What should be the policy if the customer absentmindedly—or sloppily or in haste—forgets to click an icon? Even more frightening, what if the shopper does properly process the transaction on his/her mobile phone but the application or the transmission glitches, for whatever reason?
One of the decisions Apple made with its in-store mobile purchase program (EasyPay) complicates establishing proof of intent. For example, EasyPay uses a payment card already on file (not dissimilar to how iTunes uses whatever card is already on file and solely asks for an iTunes password). If it required a card to be typed in—or swiped—each time, that could be a wonderful display of intent.
EasyPay also can only process the purchase of one product at a time. That's a hassle if the shopper wants to buy nine items. In the intent category, though, that restriction sidesteps the issue of someone taking nine items and only paying for five of them, which is a popular self-checkout theft tactic.
In the Apple case, a customer named Eric Shine went into a Fifth Avenue Apple store on August 20. He had a scheduled meeting with Apple tech support and, while waiting, bought some Bose headphones for $129.95, according to a New York City Police Department criminal complaint. He used EasyPay, and thought he had completed the transaction and had, therefore, paid. Shine then had his meeting with tech support.
After that, he asked a store associate for a bag for his purchase, which is what customers are supposed to do. The associate is then supposed to ask to see the digital receipt. In this case, however, the associate didn't ask and instead simply gave Shine the bag. That bag is supposed to signal to Loss Prevention that the product has been verified as purchased. (Oops!)
Shine then placed the bag into his backpack and tried to continue with his day.
The LP employee, John Conenna, asked to see Shine's receipt. Shine pulled out his iPhone, and it was only then that he realized the app had gone through every step except the last one. Instead of asking the Apple fan to please complete the transaction, the associate called the police and had Shine arrested on petit larceny (shoplifting) and criminal possession of stolen property. The New Jersey resident spent the night in a NYC jail and is awaiting a court date for next month.
Let's do a quick list of the ways this situation was handled in the worst possible way.Let's do a quick list of the ways this situation was handled in the worst possible way.
First, a store never wants to accuse a shopper of stealing unless the store is quite confident that the shopper was, in fact, stealing. If there's any reasonable doubt at all, commonsense dictates that it's better to let 10 possible shoplifters go than to arrest one innocent customer.
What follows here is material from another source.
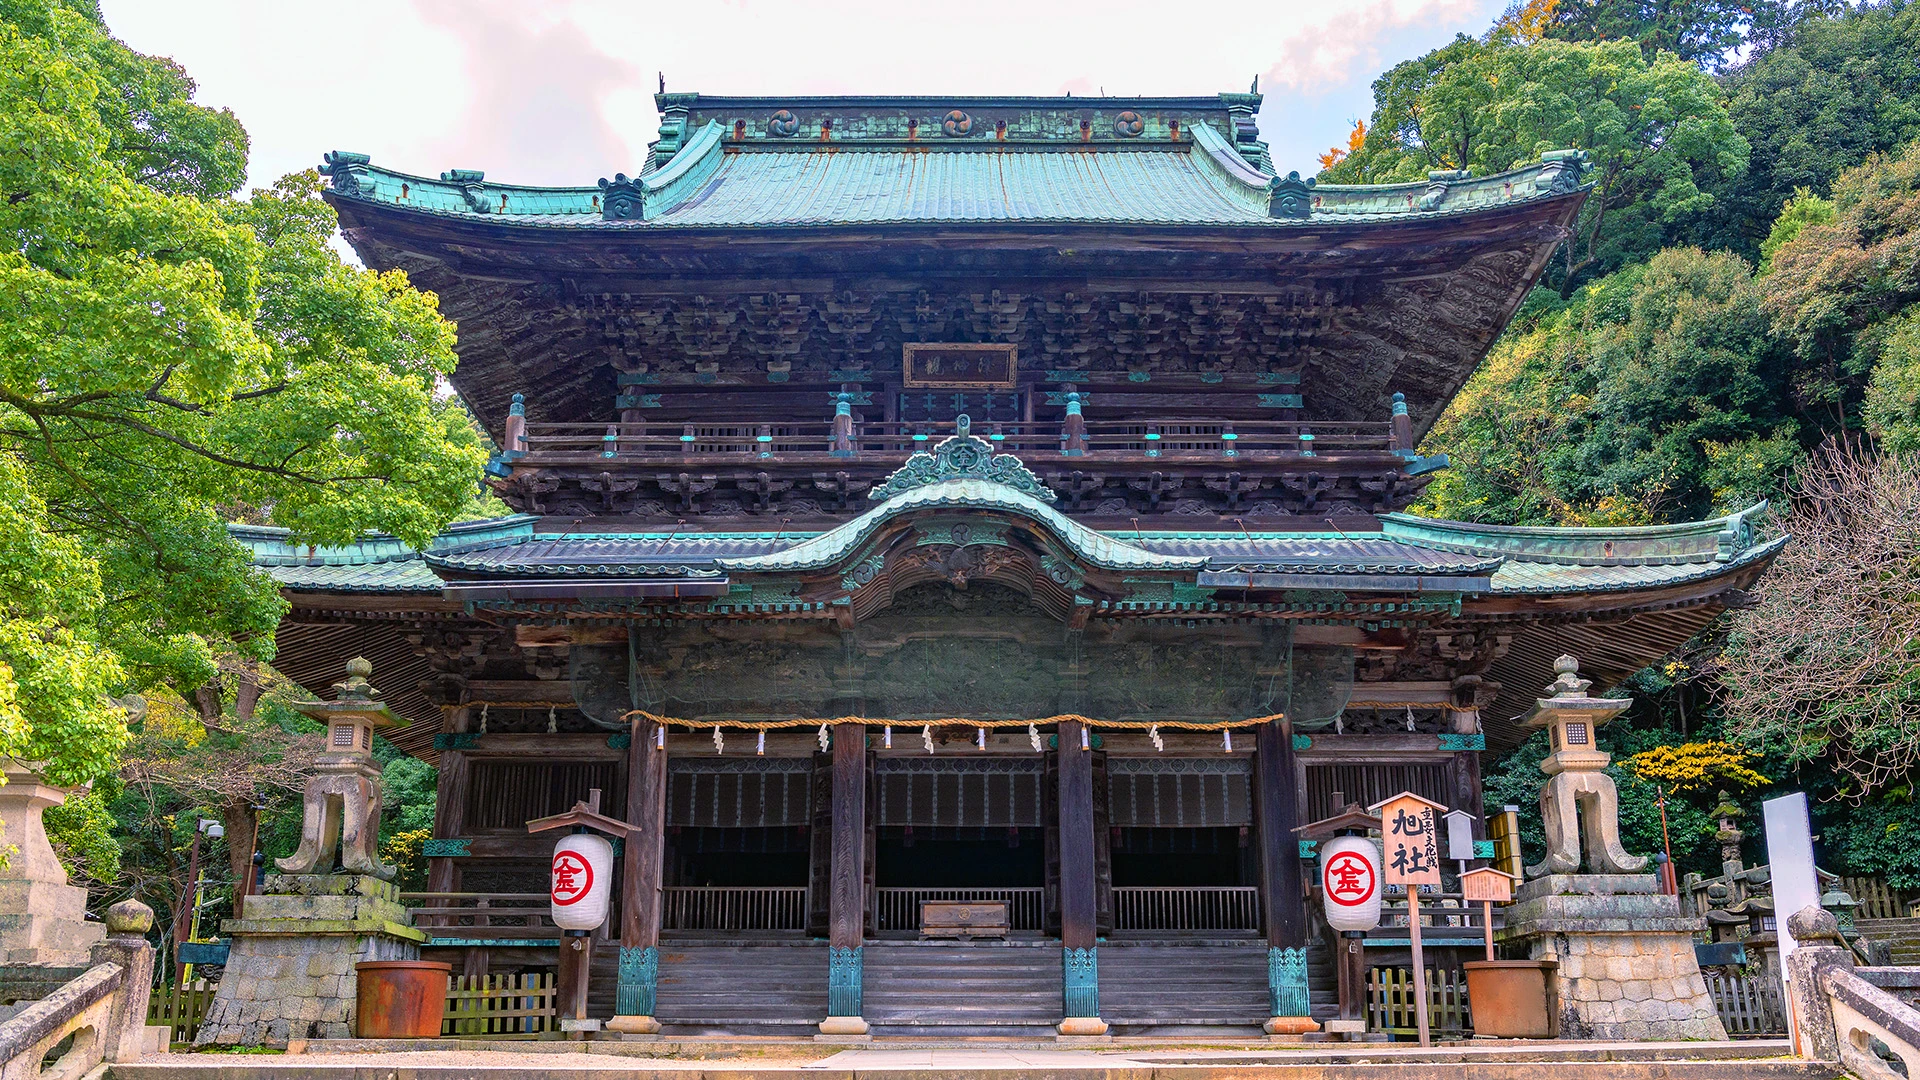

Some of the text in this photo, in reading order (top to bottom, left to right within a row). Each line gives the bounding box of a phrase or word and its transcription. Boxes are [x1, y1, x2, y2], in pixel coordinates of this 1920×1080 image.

[1391, 808, 1430, 876] 旭社
[554, 858, 583, 894] 金
[1330, 858, 1366, 895] 金
In this case, though, it's not even an issue of letting the customer go. You don't let him or her leave. You simply ask that the customer complete the transaction. For a nice touch of class, the LP person could even apologize; as in, "I am so sorry. This is a new app and it can be confusing at times. If you just click here and then here, you should be fine. My apologies for the inconvenience."
Second—and this is potentially a much bigger corporate issue—this is a new form of payment. As news of this arrest has spread across the country—and it has spread—how do you think that will impact other Apple shoppers who had been thinking about trying this app? "They arrested somebody for inadvertently not processing the purchase properly? There's no way I am going to try it. I'll either wait in line or check out these new Androids."
The problem with the mobile app is that the lack of intent cuts both ways. It makes it easy to pretend to pay for the product. But if LP asks to see everyone's receipt—in the way, for example, Costco does—or at least asks to see the receipt for anyone trying to leave with an RFID-tagged product the system doesn't think was paid for, that's a shoplift that won't succeed. And if customers are routinely made to go back and pay or to leave the product behind, minimal losses should result. (Customers can always slip by, especially if the store is crowded. Do you think the Apple Store in NYC won't be, say around December 15?)
StorefrontBacktalk Legal Columnist—and former federal prosecutor—Mark Rasch has argued before that mobile will force shoplifting processes to be rethought. But looking at the Apple incident raises new questions. "If you go to the grocery store and the clerk fails to ring up an item—or an item doesn't scan properly—are you guilty of theft when you pay the amount on the register?" Rasch asked. "Is there a legal obligation to report the undercharge to the associate? Does it matter if you know the item hasn't been rung up? Is the intent non-existent if you weren't really paying attention?"
What about glitches? What if a customer does everything properly but the app doesn't properly show a receipt? Or the receipt arrived and then was either deleted by accident or it deleted itself via a glitch? Will LP just follow orders and have everyone arrested?
This is not just an Apple issue. Walmart is trying out in-store mobile checkout, JCPenney is saying it will do so and many other stores are being pushed by PayPal, Google Wallet and others to do the same. Shoplifting policies need to be radically reworked in a mobile self-checkout world, unless chains want to discover what massive customer alienation feels like.